Ce royaume s’appelait le royaume des tablettes de chocolat. Tout y était fait à la gloire du chocolat. La capitale de ce royaume était une cité perchée dans la montagne. On y arrivait par des gorges encaissées à la beauté prenante et surprenante qui vous saisit l’âme dans tous ses recoins. Et alors que vous croyiez que ce paysage violent allait se poursuivre, après un tournant, subitement, apparaissait la capitale de ce royaume, la cité du chocolat par excellence. Ses rues étroites vous offraient des boutiques, des hôtels, en chocolat, les unes aux reflets de bronze, les autres aux reflets d’argent et d’or. Quel bonheur mais quelle torture, ami lecteur, car le rédacteur de ce conte est un passionné et un amoureux du chocolat qui n’a rien trouver de mieux, pour calmer un peu son impatience, que de s’entourer d’une tablette de chocolat, bien sûr.
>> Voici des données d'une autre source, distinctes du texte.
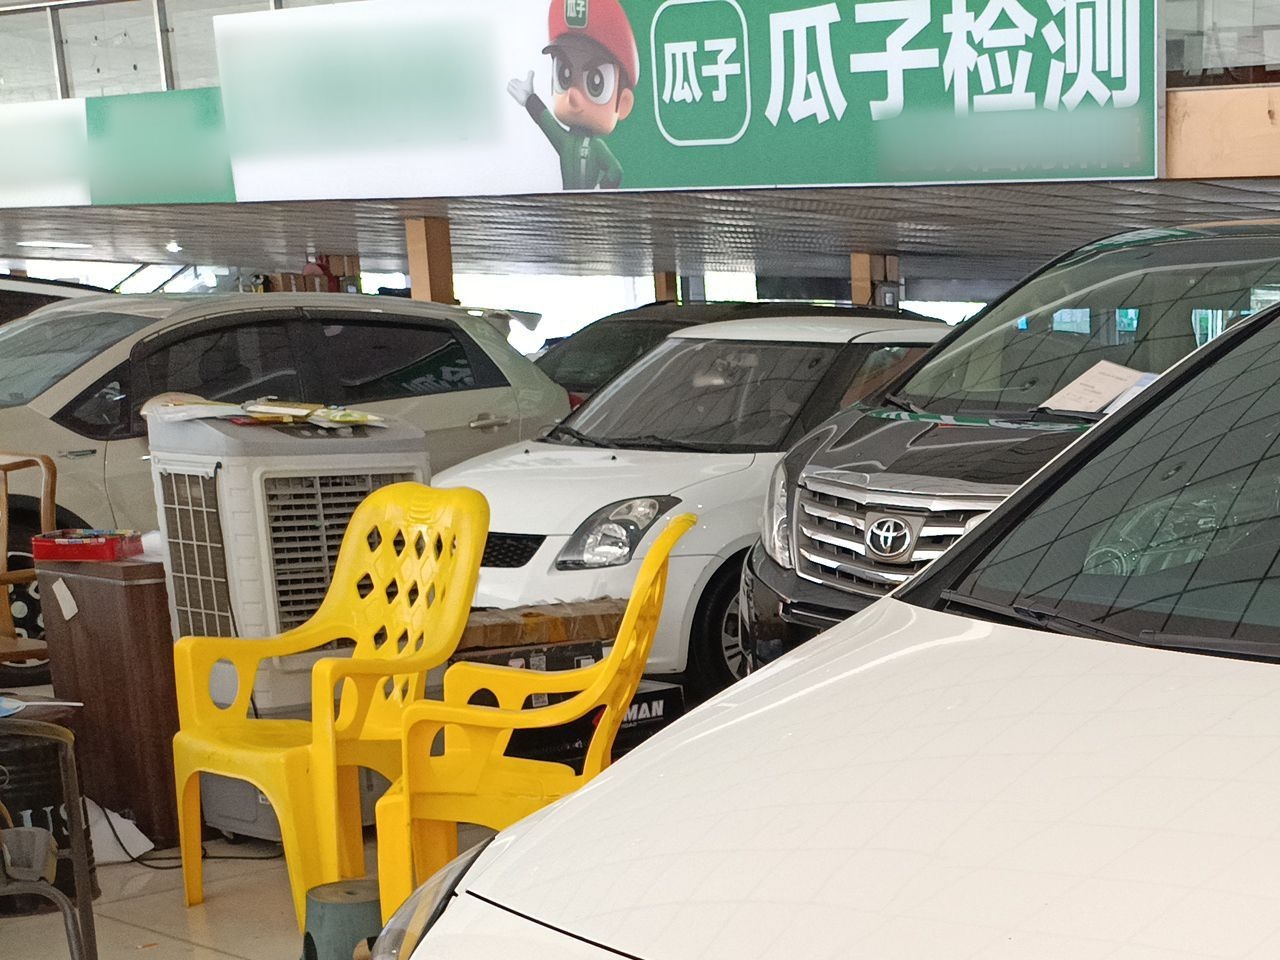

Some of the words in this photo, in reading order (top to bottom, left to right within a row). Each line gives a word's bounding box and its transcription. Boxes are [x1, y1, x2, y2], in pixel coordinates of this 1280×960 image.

[662, 37, 741, 104] 瓜子
[764, 0, 1141, 128] 瓜子检测
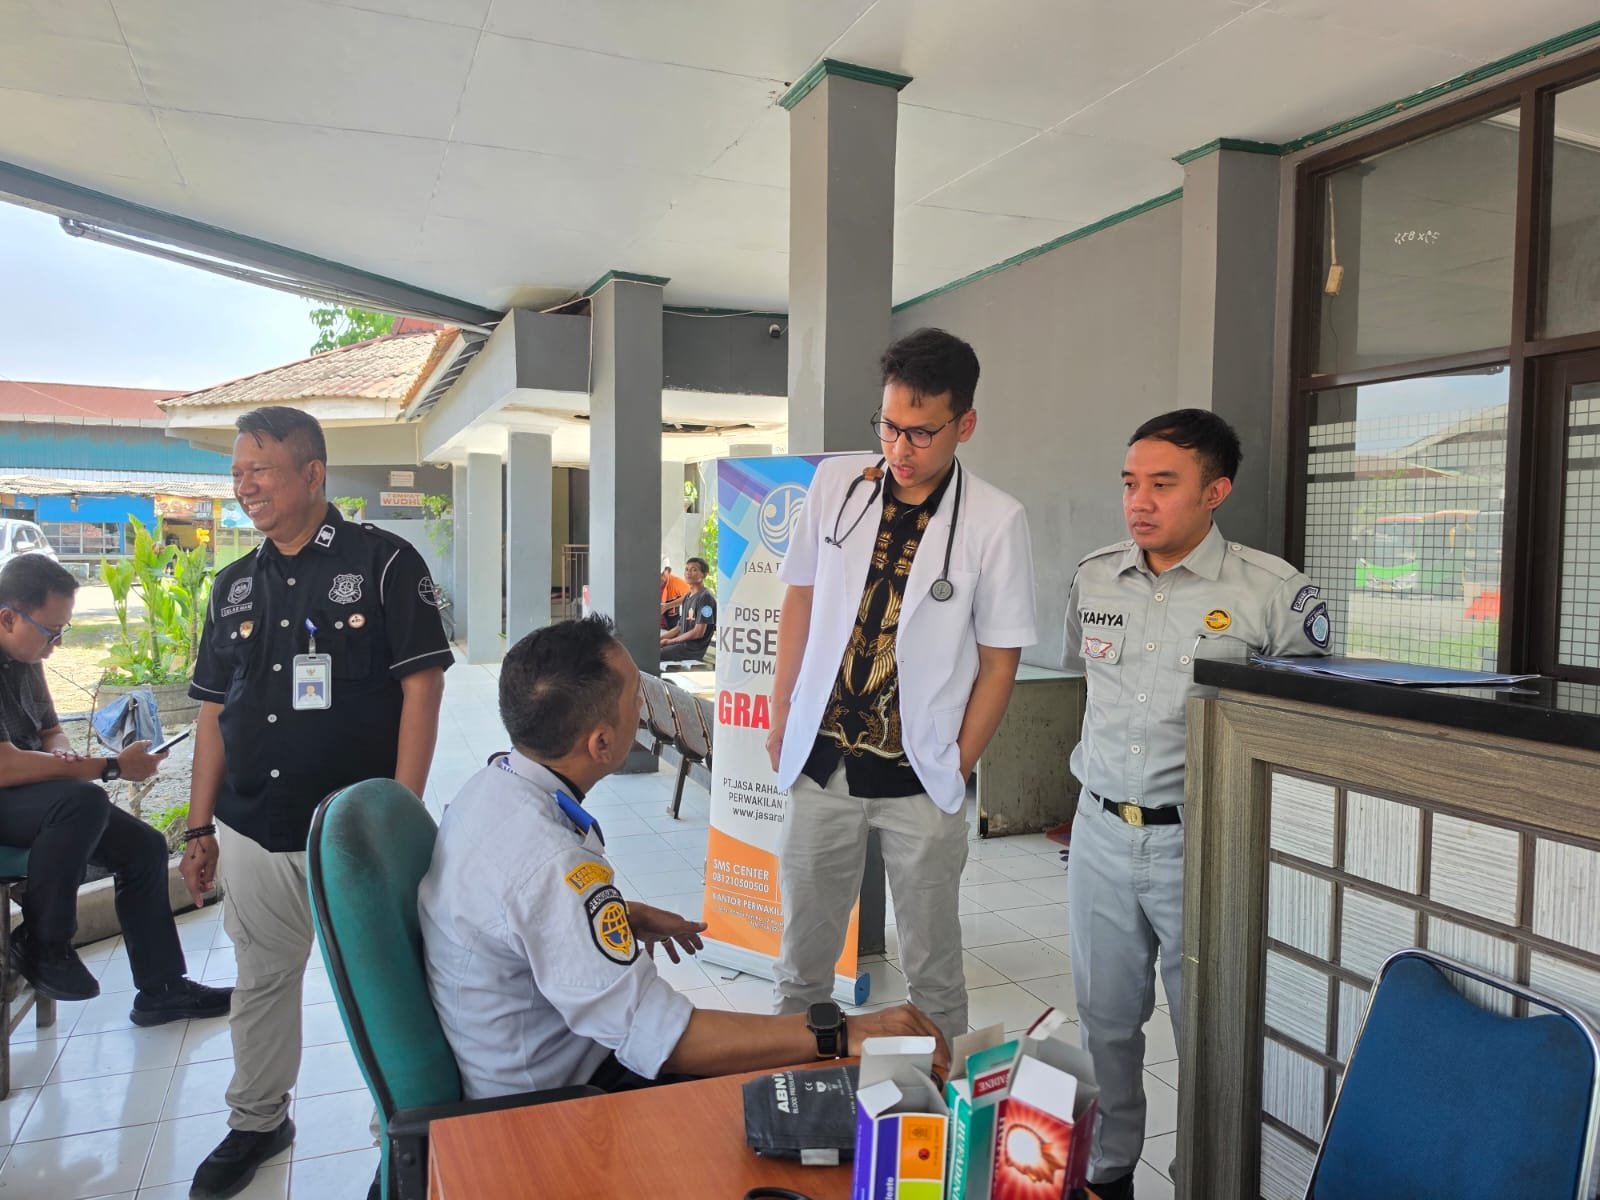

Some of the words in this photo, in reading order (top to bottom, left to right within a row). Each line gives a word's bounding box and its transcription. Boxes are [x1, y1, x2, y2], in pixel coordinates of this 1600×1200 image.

[744, 560, 772, 575] JASA
[735, 607, 760, 622] POS
[719, 626, 777, 655] KESE
[728, 791, 783, 808] PERWAKILAN
[713, 859, 730, 872] SMS
[733, 864, 769, 880] CENTER
[712, 893, 741, 906] KANTOR
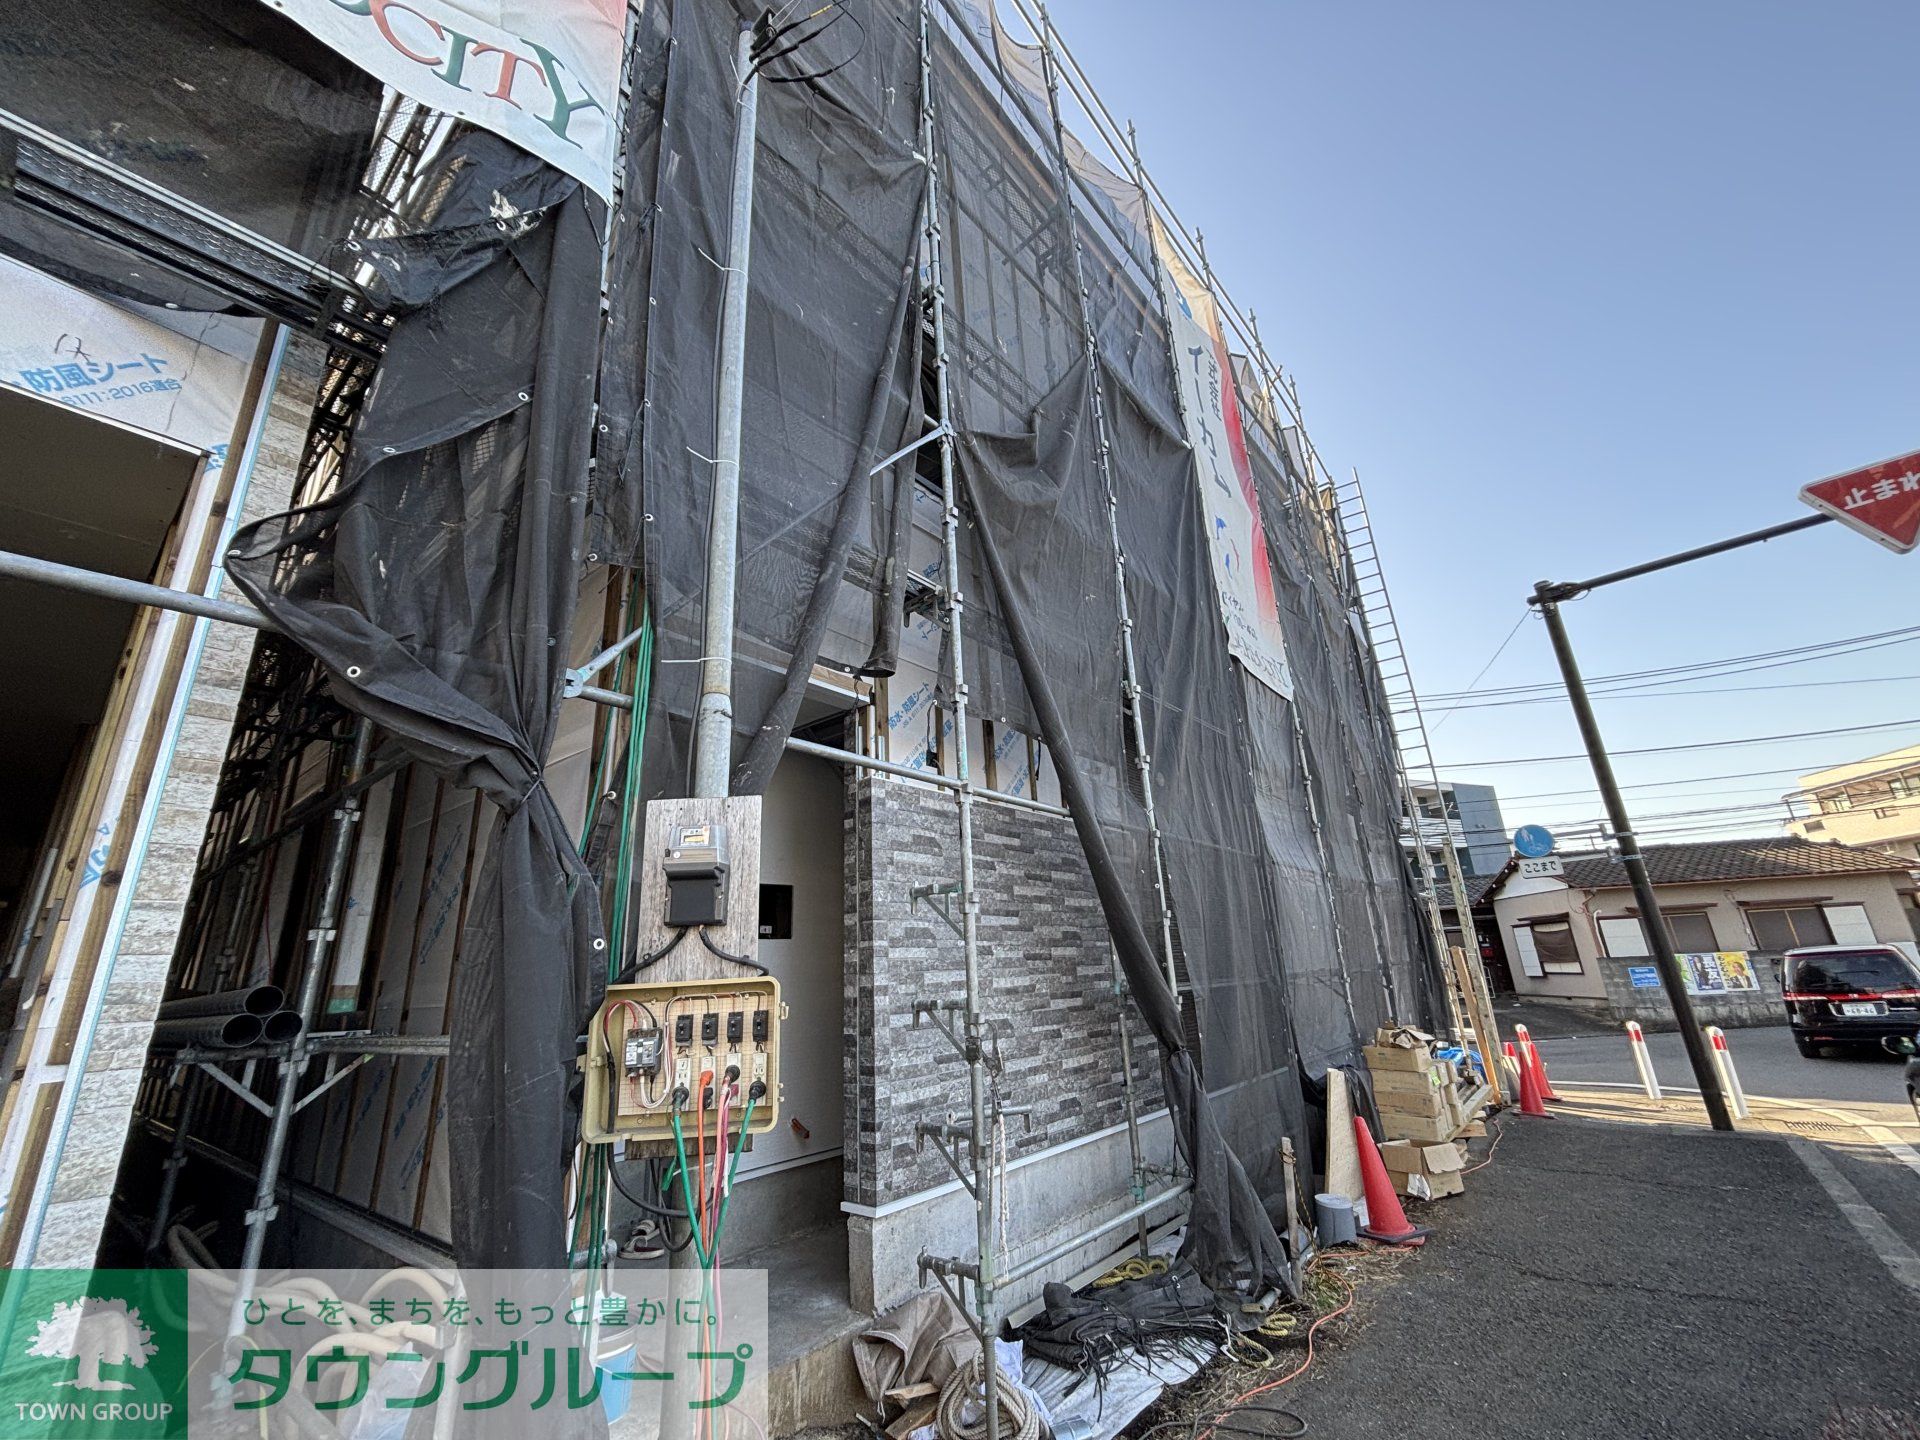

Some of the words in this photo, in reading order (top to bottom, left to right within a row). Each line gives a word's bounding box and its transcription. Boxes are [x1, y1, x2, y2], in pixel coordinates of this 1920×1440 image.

[1843, 471, 1920, 510] 止まれ
[1525, 861, 1557, 873] ここまで
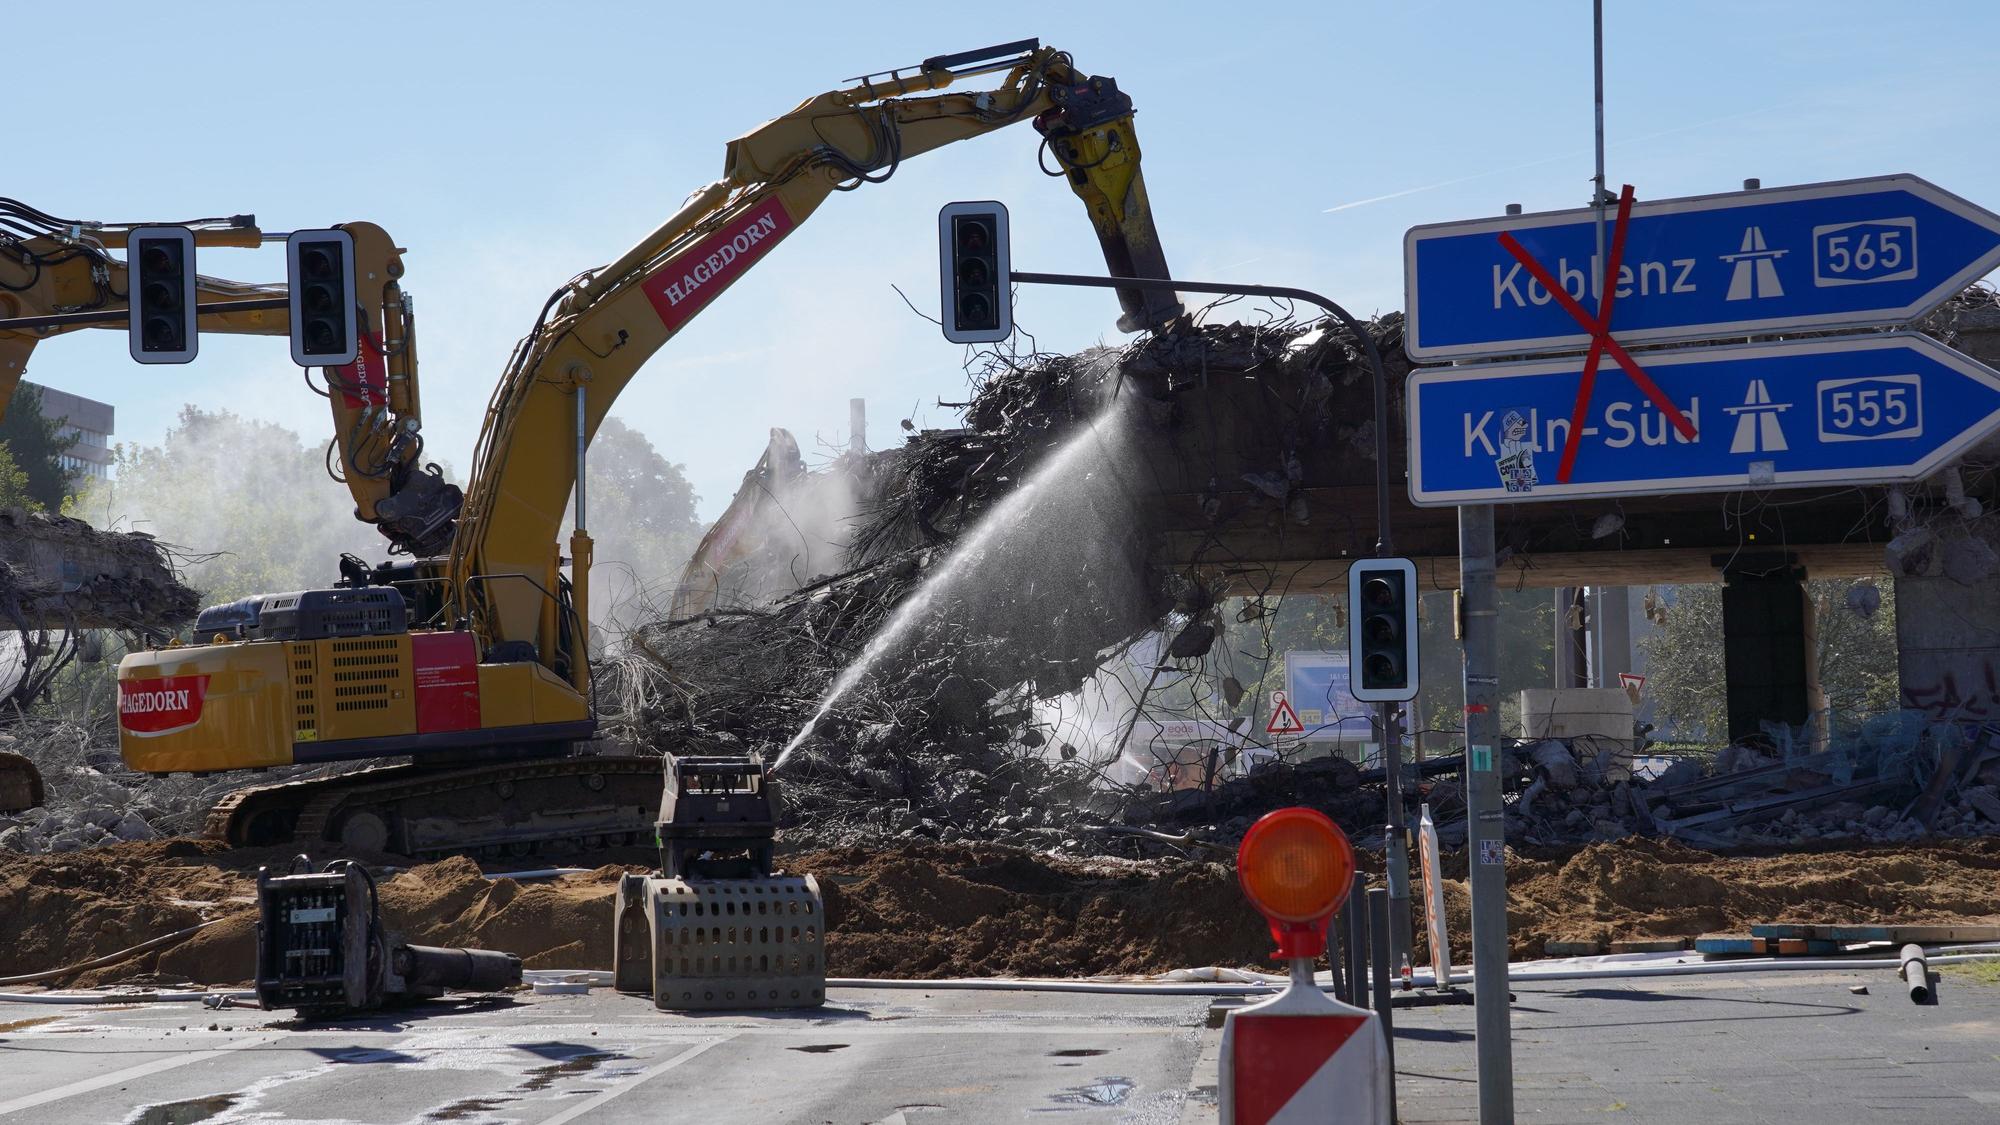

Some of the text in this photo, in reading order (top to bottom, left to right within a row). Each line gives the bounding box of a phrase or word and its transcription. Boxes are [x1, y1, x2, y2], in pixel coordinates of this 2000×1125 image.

[664, 212, 777, 306] HAGEDORN
[1828, 231, 1902, 273] 565
[1464, 388, 1907, 457] Kln-Süd 555
[122, 690, 189, 714] HAGEDORN
Au plus haut de la cité, se trouvait un manoir que l’on entr’apercevait seulement au sein d’une jolie clairière entourée d’une forêt magique. Chacune des essences d’arbres de cette forêt avait un talent, celle de pouvoir réciter des poèmes sur les qualités du monarque et des habitants de ce royaume. Les chênes vantaient la force de caractère. Les arbres aux cent écus récitaient la justesse et la droiture. Les érables Negundo chantaient la finesse d’esprit. Bien d’autres essences d’arbres et de fleurs y trônaient aux parfums subtils et riches. Gambadaient joyeusement au milieu de cette nature glorieuse, en toute liberté, des lapins, des cerfs, des biches, des faons, des chevreaux, des poules et des canards. Seul le renard rusé n’y avait pas sa place. Mais par respect pour toutes les espèces de la nature, d’autres espaces lui étaient réservés.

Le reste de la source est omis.